Audio controls are via 8" touch screen, dash controls, steering wheel controls and/or voice command. In Ford parlance the module with the receiver, amp and CD player is called the Audio Control Module (ACM).

PicoScope plots of the frequency response of my OEM HU are in this post http://www.diymobileaudio.com/forum/3661137-post117.html showing the expected 'OEM bass-boost / high frequency roll-off' which varies based on volume setting.

*Reprogrammed ACM - The Possibility*
Starting with some posts on this forum I began to hear it is possible to "reprogram" the Ford ACM. Two specific possibilities were of interest to me:

Defeat the OEM EQ so that the output is "flat" across the spectrum at all volume settings.
Change the OEM output to variable-volume low-level output (i.e. "pre-amp" output).
The first (flat EQ at all volume settings) was of particular interest as that would allow me to change my volume with all the convenient OEM controls without any 'compromise' relative to the calibration level of my MS-8. The change to low-level output was of less interest since I can use either with the MS-8, but thought it would be interesting to try.

After much research I was at a dead-end on the reprogramming possibility due to lack of required equipment, some concern (justified or not) about the required "hex-code-edits" I was able to source, and a bit of trepidation about me undertaking the process even if I could get the required equipment & software.

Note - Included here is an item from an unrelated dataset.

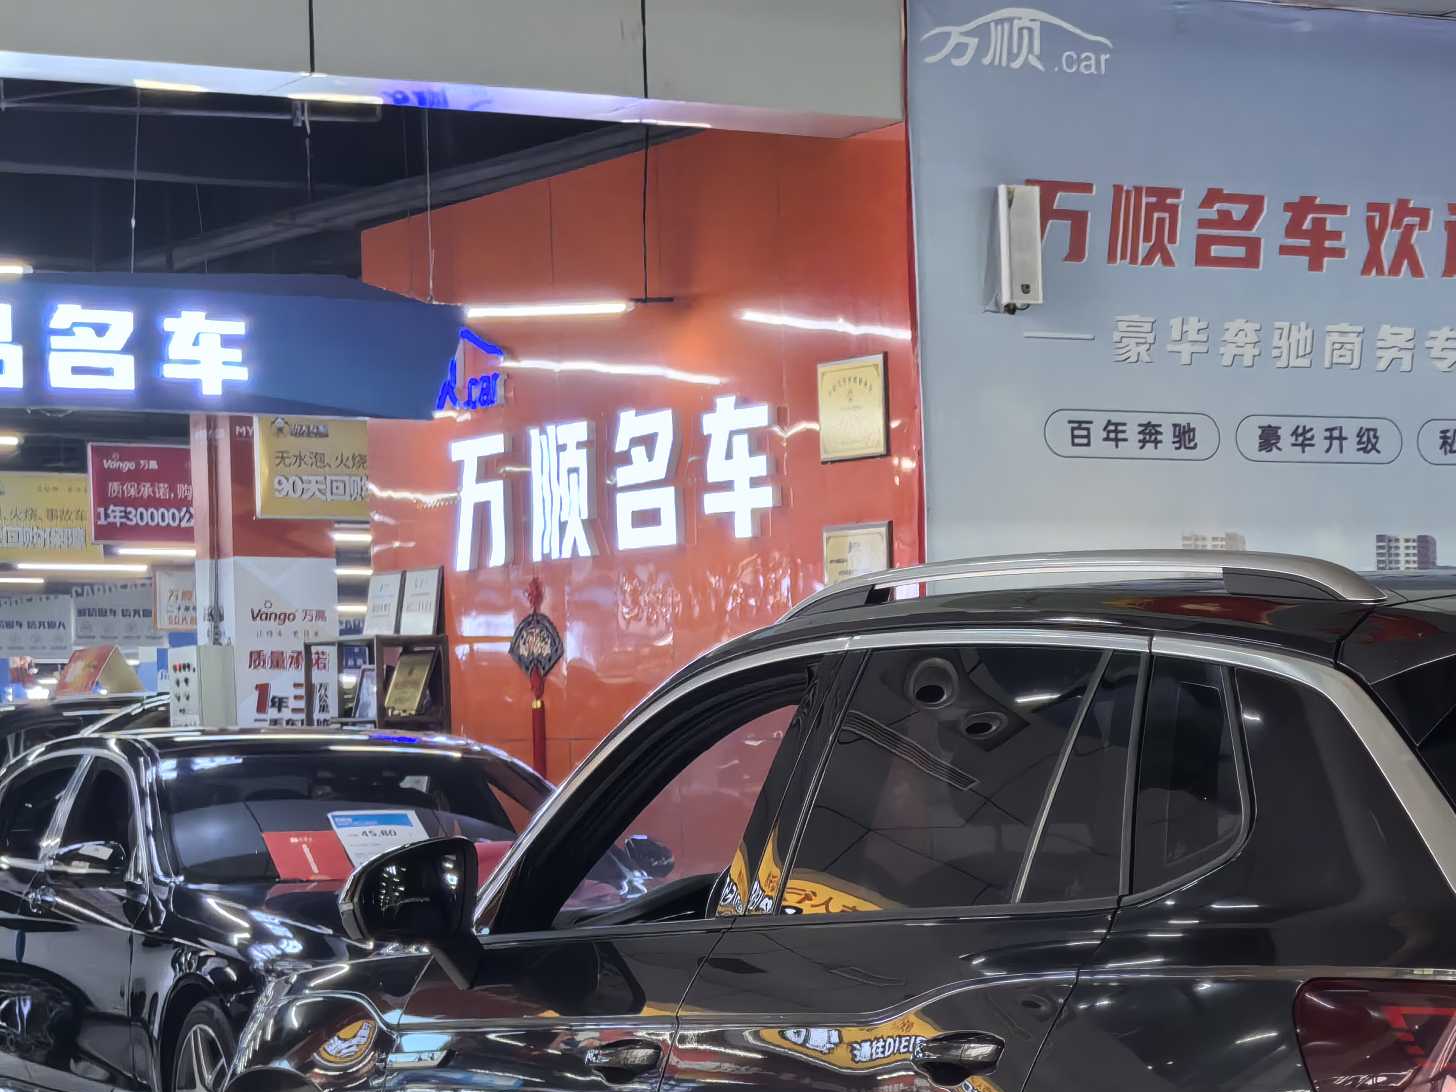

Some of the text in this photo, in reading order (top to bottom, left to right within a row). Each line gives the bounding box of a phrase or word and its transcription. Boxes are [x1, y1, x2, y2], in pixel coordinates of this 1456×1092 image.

Then, again through a post on this forum, I got a 'lead' on a vendor offering ACM reprogramming services and reprogrammed ACMs for sale. For now I'm going to refer to that vendor as "Mr RACM" (Reprogrammed ACM). Mr RACM offers those services relating to both audio and NAV 'upgrades' for late Ford modules as used in the Focus, Fusion and Escape.

*Reprogrammed ACM - My Experience*

I contacted Mr RACM and after email and telephone discussions decided to purchase a used ACM which had been reprogrammed for flat EQ and variable volume low-level output. The price was IMHO reasonable for the potential benefits at $170 delivered. An option was presented to reprogram my ACM, but with all of the back-and-forth shipping the cost difference was small, there would be no audio in my car during the process, so I decided to not go that route. I received the unit from Mr RACM very promptly, it was well-packed for shipping and when installed worked fine just as promised.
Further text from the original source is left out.